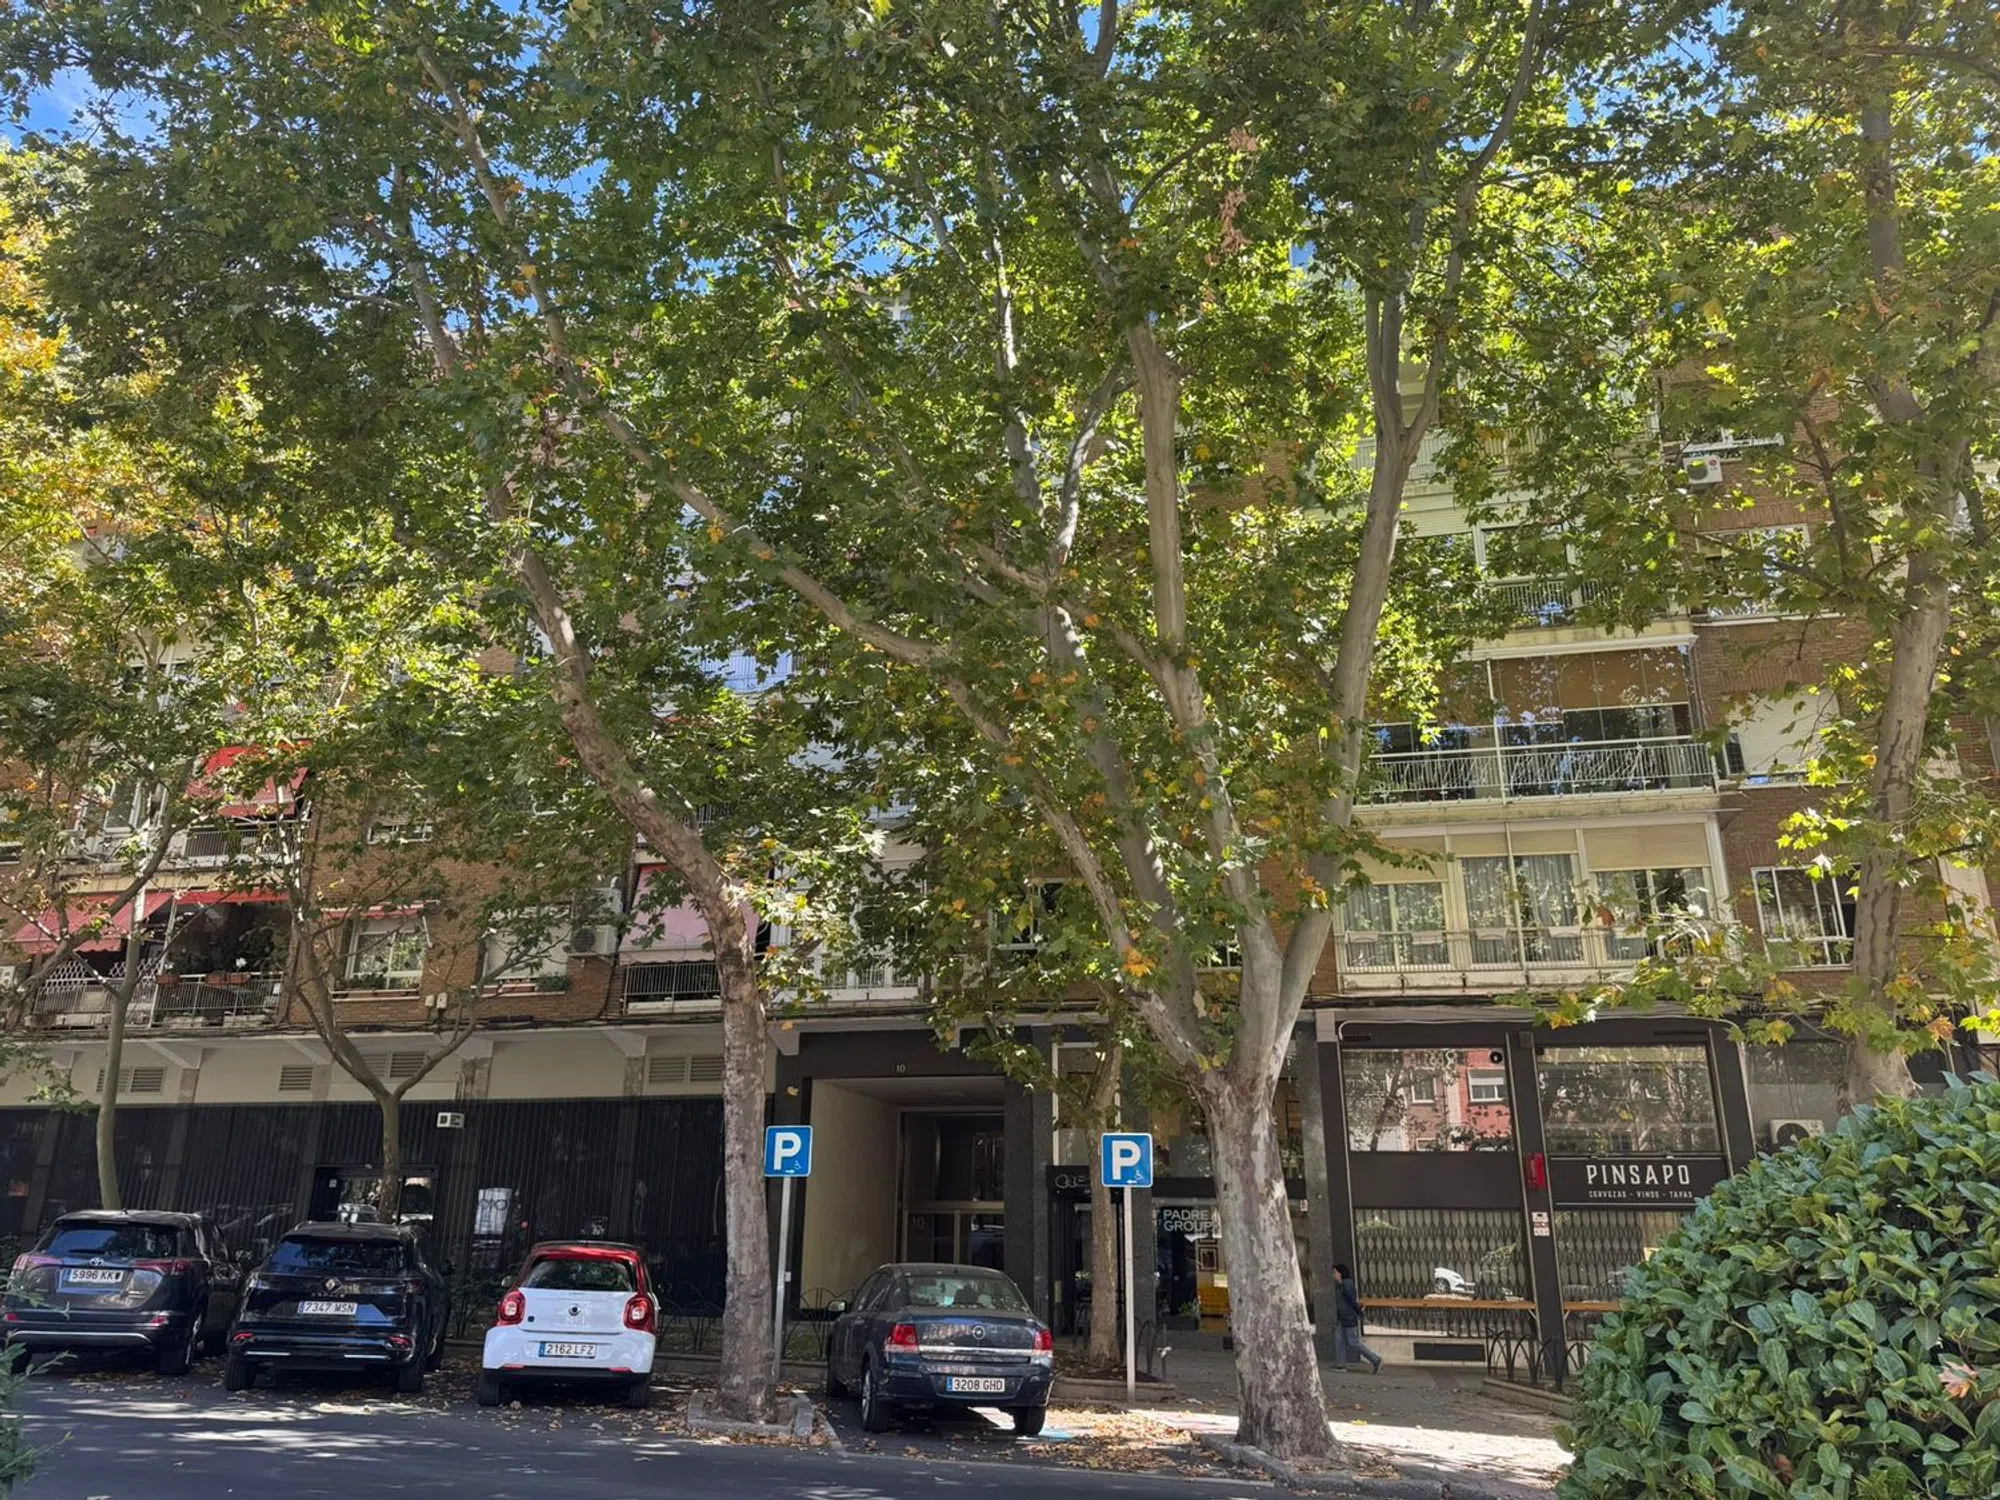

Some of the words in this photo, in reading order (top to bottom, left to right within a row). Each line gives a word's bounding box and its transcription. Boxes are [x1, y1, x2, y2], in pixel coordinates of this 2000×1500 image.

[774, 1132, 802, 1170] P
[1112, 1140, 1141, 1180] P
[1586, 1165, 1690, 1185] PINSAPO
[1588, 1190, 1627, 1198] CERVEZAS
[1636, 1190, 1660, 1198] VINOS
[1163, 1209, 1209, 1220] PADRE
[1163, 1220, 1212, 1232] GROUP
[73, 1270, 99, 1279] 5996
[100, 1271, 121, 1280] KK
[305, 1302, 332, 1312] 7347
[333, 1303, 355, 1313] MSN
[546, 1344, 572, 1354] 2162
[574, 1345, 594, 1355] LFZ
[954, 1379, 980, 1390] 3208
[982, 1380, 1003, 1391] GHD
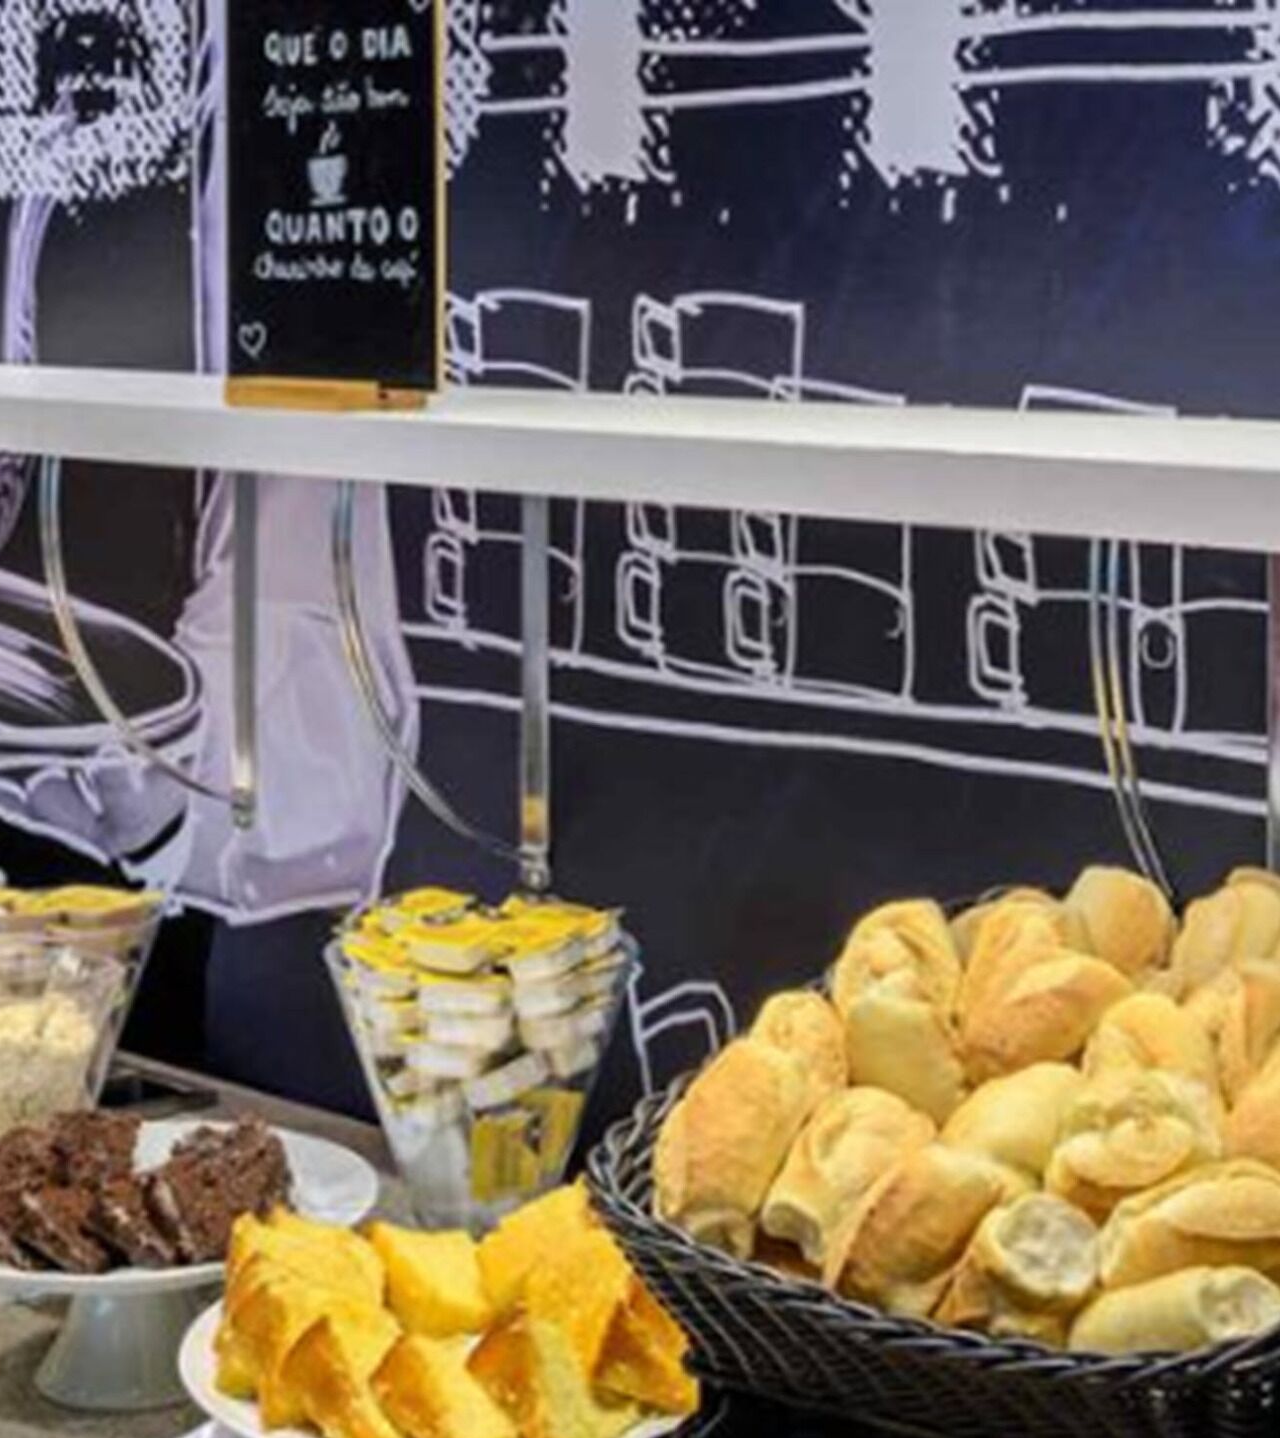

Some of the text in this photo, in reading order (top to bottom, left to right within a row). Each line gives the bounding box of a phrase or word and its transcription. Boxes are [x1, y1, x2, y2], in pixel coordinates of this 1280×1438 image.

[263, 24, 412, 66] QUE O DIA
[265, 205, 419, 245] QUANTO O
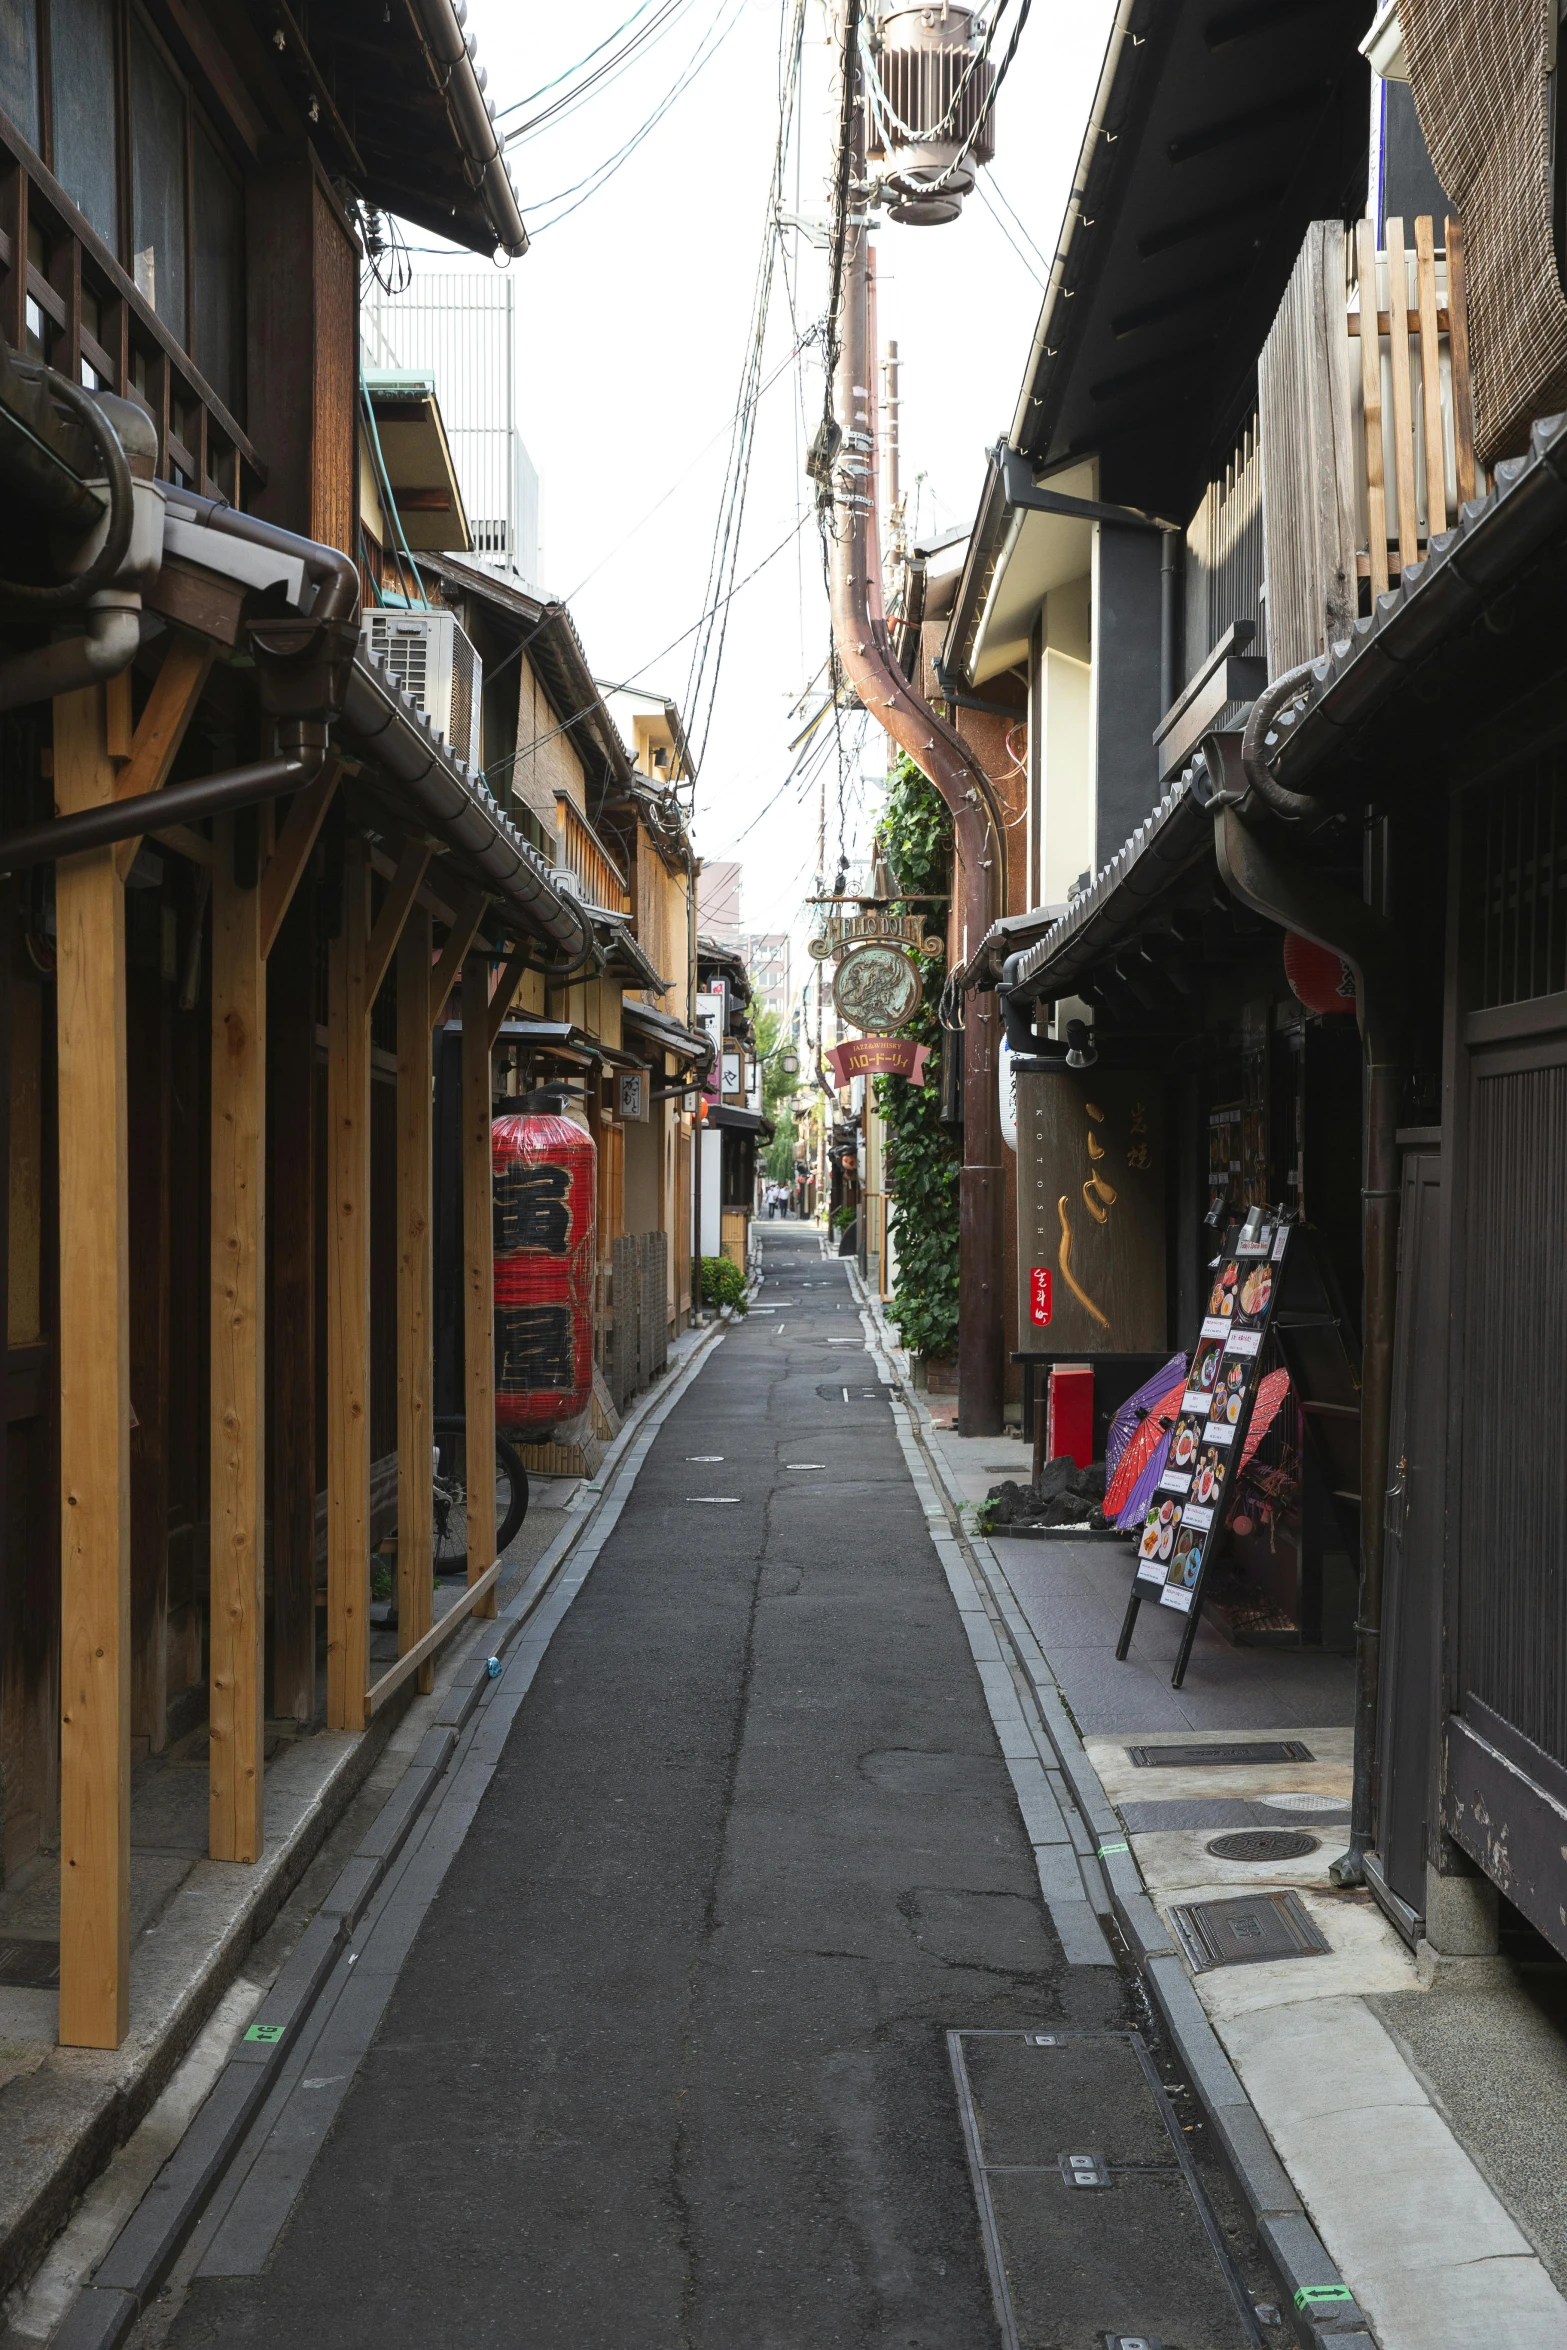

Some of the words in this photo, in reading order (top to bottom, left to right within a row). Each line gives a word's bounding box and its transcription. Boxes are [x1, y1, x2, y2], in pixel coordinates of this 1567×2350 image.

[827, 917, 877, 947] HELLO
[880, 916, 928, 948] DOLLY
[853, 1042, 902, 1053] JAZZ&WHISKY
[849, 1053, 909, 1071] ハロードーリィ
[1036, 1109, 1044, 1256] KOTOSHI

===============

Using the listing above, print the line containing "this 1567×2350 image." and every line after it exactly, up to and including the last.

Some of the words in this photo, in reading order (top to bottom, left to right within a row). Each line gives a word's bounding box and its transcription. Boxes are [x1, y1, x2, y2], in pixel coordinates of this 1567×2350 image.

[827, 917, 877, 947] HELLO
[880, 916, 928, 948] DOLLY
[853, 1042, 902, 1053] JAZZ&WHISKY
[849, 1053, 909, 1071] ハロードーリィ
[1036, 1109, 1044, 1256] KOTOSHI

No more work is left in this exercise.